DUI Aficionado Beto O’Rourke Used To Fantasize About Running Over Children

His parents named him Robert Francis and more recently he converted to Latinoism by changed his name to “Beto” but he used to have a much more interesting name. Beto O’Rourke was part of a hacking group and used to post under the nickname “Psychedelic Warlord.” Even crazier, he apparently had fantasies of running over children with his car, which would certainly foreshadow his DUI crash and arrest.

Reuters did a profile on an early hacking group known as The Cult of the Dead Cow that featured none other than Beta O’Dork in their ranks. The exposé is real careful not to implicate O’Rourke in anything that could be prosecuted for today, but he and his hackers stole software and long distance service. One of the things members did, including O’Rourke, was maintain their own personal message boards that gave hacking instruction as well as messed up fiction pieces.
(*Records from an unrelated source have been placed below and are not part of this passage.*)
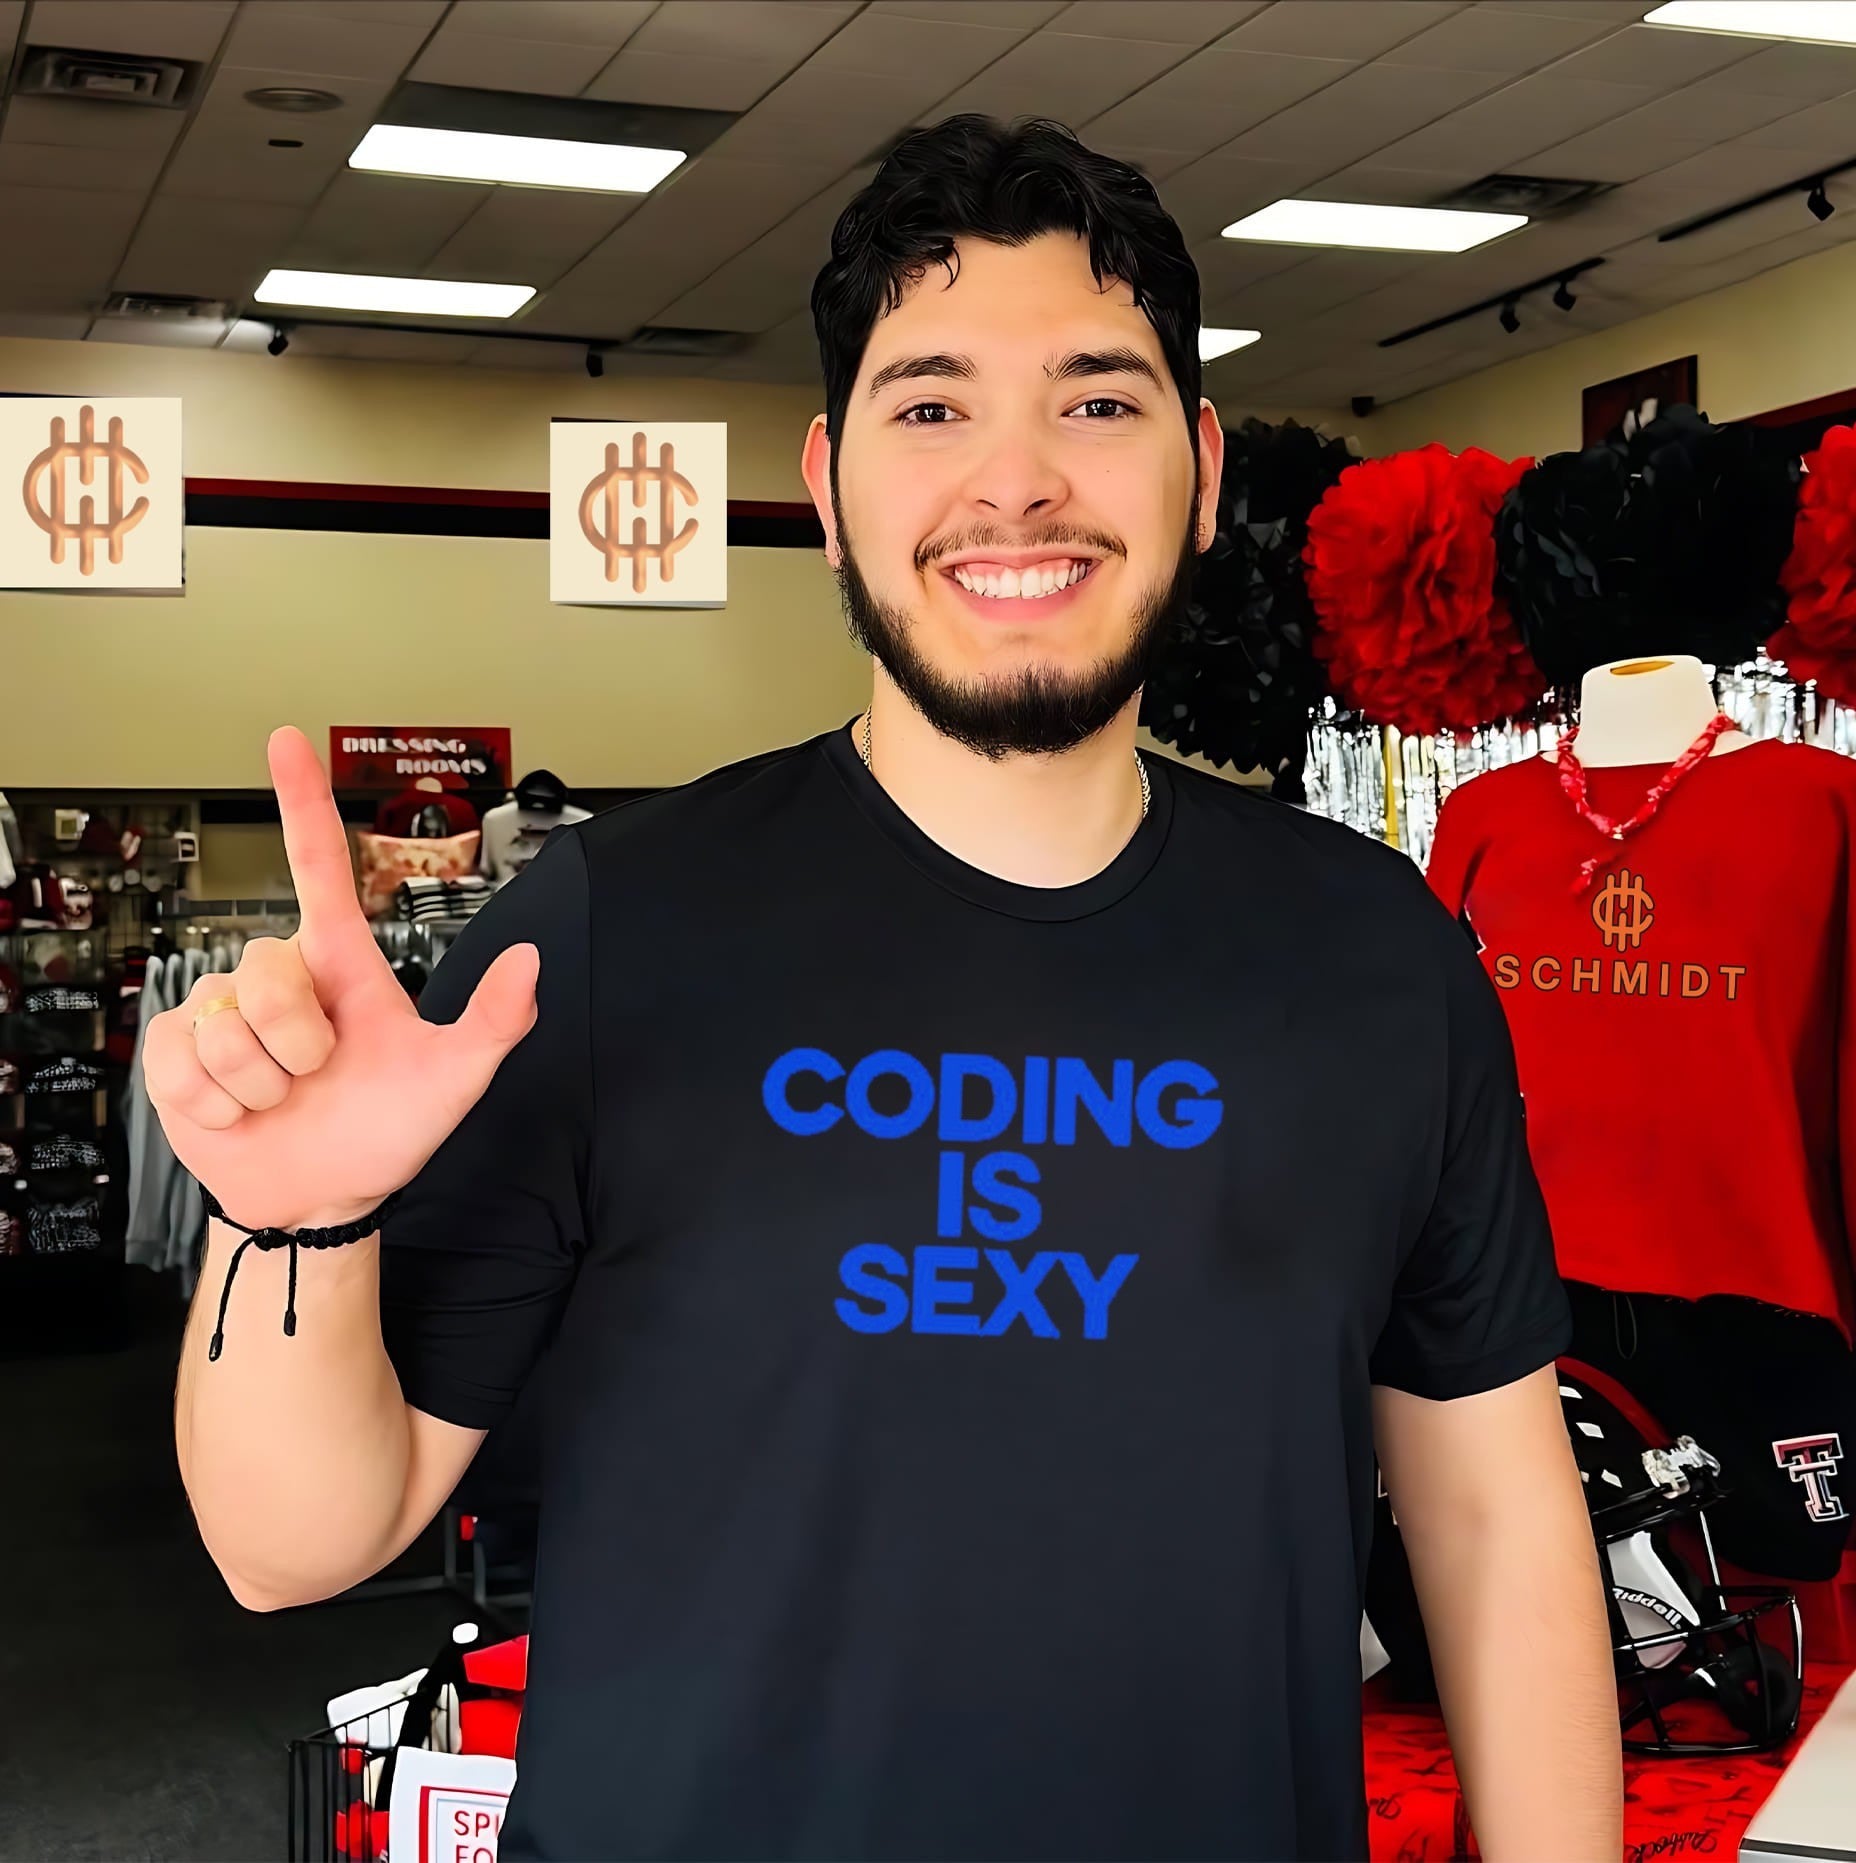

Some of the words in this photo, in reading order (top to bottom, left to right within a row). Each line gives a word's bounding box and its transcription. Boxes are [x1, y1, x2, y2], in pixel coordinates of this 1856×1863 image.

[342, 737, 467, 753] DRESSING
[396, 758, 487, 775] ROOMS
[1493, 953, 1747, 1001] SCHMIDT
[762, 1047, 1224, 1150] CODING
[937, 1150, 1042, 1242] IS
[834, 1242, 1140, 1341] SEXY
Posting under Psychedelic Warlord, O’Rourke wrote many interesting things. He had this thing forecasting his future interest in communism:

“To achieve a money-less society (or have a society where money is heavily de-emphasized) a lot of things would have to change, including government as we know it. This is where the anti-money group and the disciples of Anarchy meet. I fear we will always have a system of government, one way or another, so we would have to use other means other than totally toppling the government (I don’t think the masses would support such a radical move at this time),” O’Rourke.

Hey, at least wasn’t advocating a complete overthrow of the government. I’m pretty sure he’s evolved on that issue by now as he wants open boarders which will definitely cause the demise of the United States.
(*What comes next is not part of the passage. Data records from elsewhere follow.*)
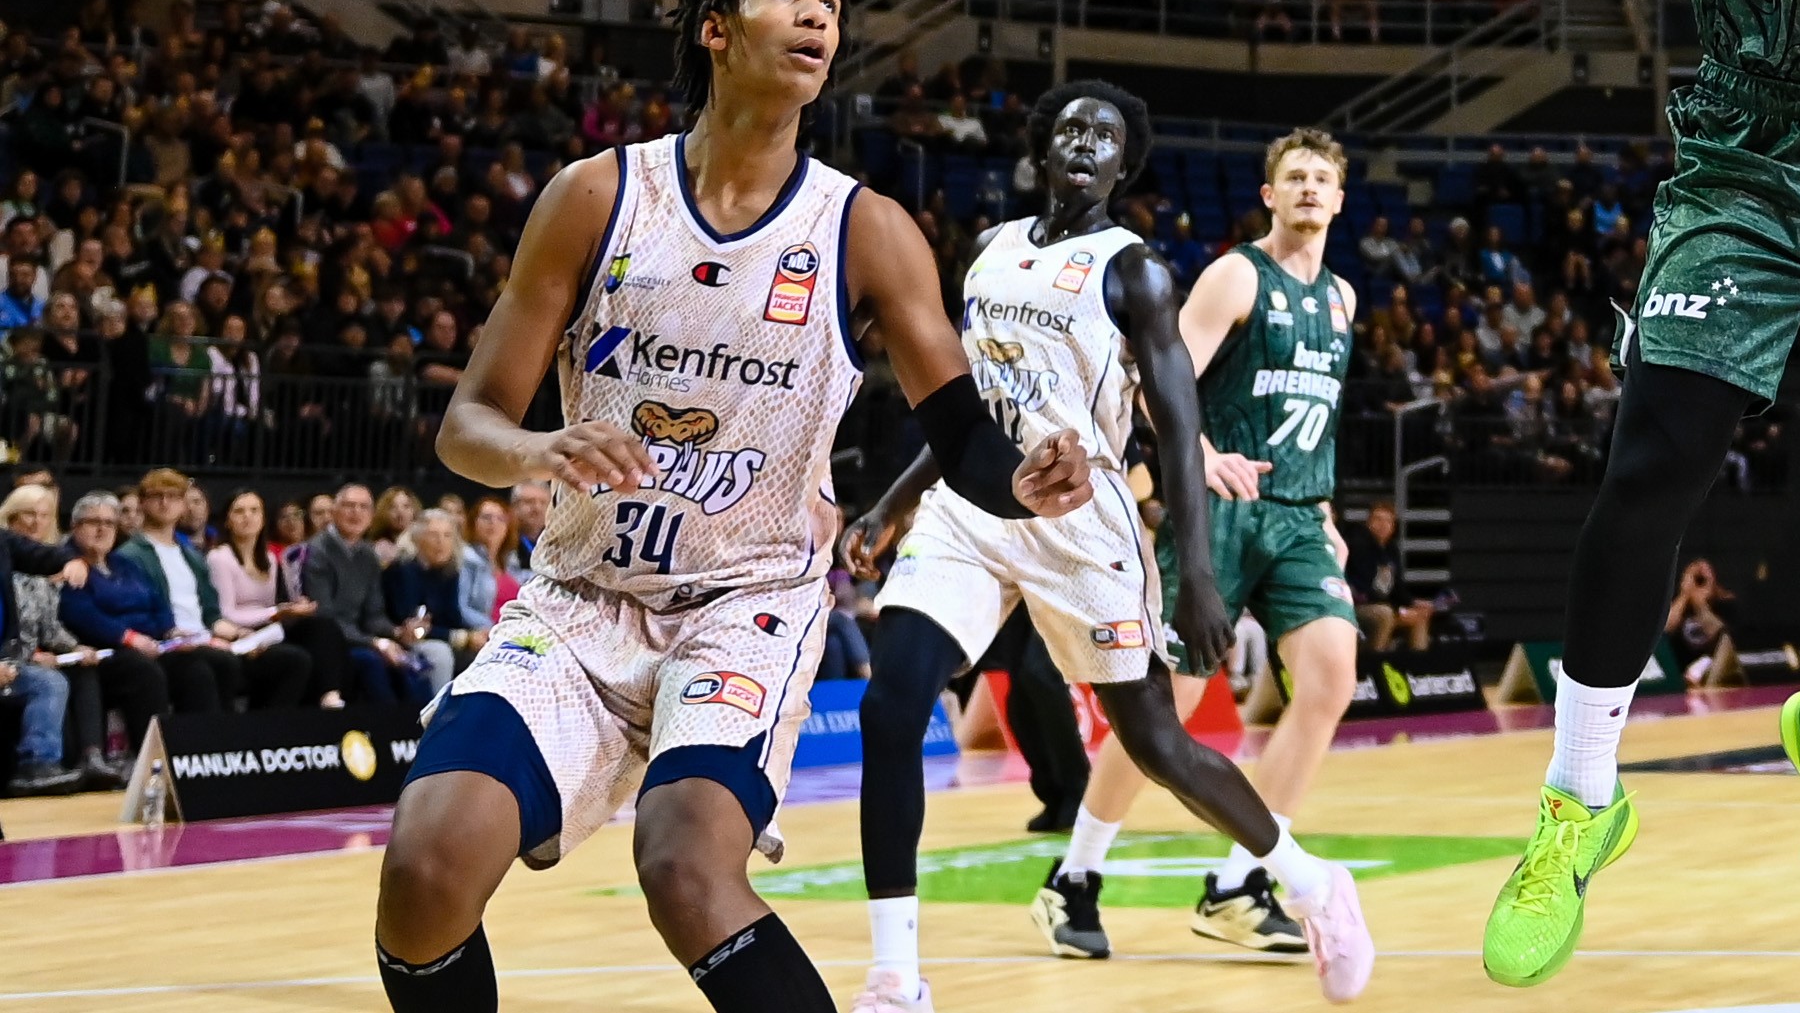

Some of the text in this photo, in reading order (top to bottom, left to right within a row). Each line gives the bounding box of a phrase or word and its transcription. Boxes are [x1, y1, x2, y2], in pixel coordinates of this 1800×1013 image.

[772, 299, 804, 312] JACK'S
[977, 297, 1076, 335] Kenfrost
[1642, 287, 1711, 320] bnz
[631, 331, 800, 390] Kenfrost
[1293, 341, 1333, 372] bnz
[627, 363, 692, 392] Homes
[1266, 399, 1330, 451] 70
[603, 501, 684, 574] 34
[172, 744, 341, 780] MANUKA DOCTOR
Then there was something in which O’Rourke claimed to have interviewed a Jewish neo-Nazi that is almost certainly fake. If this interview is not real, it’s basically O’Rourke saying how misunderstood Hitler was through a fictional character’s voice. You can read it here.

Finally there was this thing, which is billed as a work of fiction, but written in the first person:

“One day, as I was driving home from work, I noticed two children crossing the street. They were happy, happy to be free from their troubles…. This happiness was mine by right. I had earned it in my dream,” wrote O’Rourke.

Now wait for it…

“As I neared the young ones, I put all my weight on my right foot, keeping the accelerator pedal on the floor until I heard the crashing of the two children on the hood, and then the sharp cry of pain from one of the two. I was so fascinated for a moment, that when after I had stopped my vehicle, I just sat in a daze, sweet visions filling my head,” O’Rourke wrote.
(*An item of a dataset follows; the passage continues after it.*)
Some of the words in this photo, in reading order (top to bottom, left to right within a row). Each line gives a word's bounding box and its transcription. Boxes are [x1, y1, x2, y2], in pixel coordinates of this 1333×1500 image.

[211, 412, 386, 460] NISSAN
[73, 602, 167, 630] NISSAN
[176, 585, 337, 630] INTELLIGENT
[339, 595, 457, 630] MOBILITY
If you recall in 1998 O’Rourke was hauling ass down the road, drunk as a skunk when he lost control of his vehicle. He crashed through the center divider and struck a pick-up truck. Witnesses say he tried to drive away from the scene but his car was too messed up. Police arrive and arrested him for drunk driving, but because his daddy was a local judge he managed to weasel out of it.

O’Rourke was a teenager when he wrote about mowing down children and a young adult when he actually plowed his car into someone. Clearly this was something on his bucket list that he was able to check off very early in life. He may be running for president to achieve his dream of cashless socialist society and maybe even t correct the record (according to him) on Hitler.

He was a furry hacker with death fantasies who called himself “Psychedelic Warlord.” Is there some reason why anyone is seriously considering making this kook the President of the Untied States. His ideas are garbage but somehow that’s not even the worst thing about this doofus.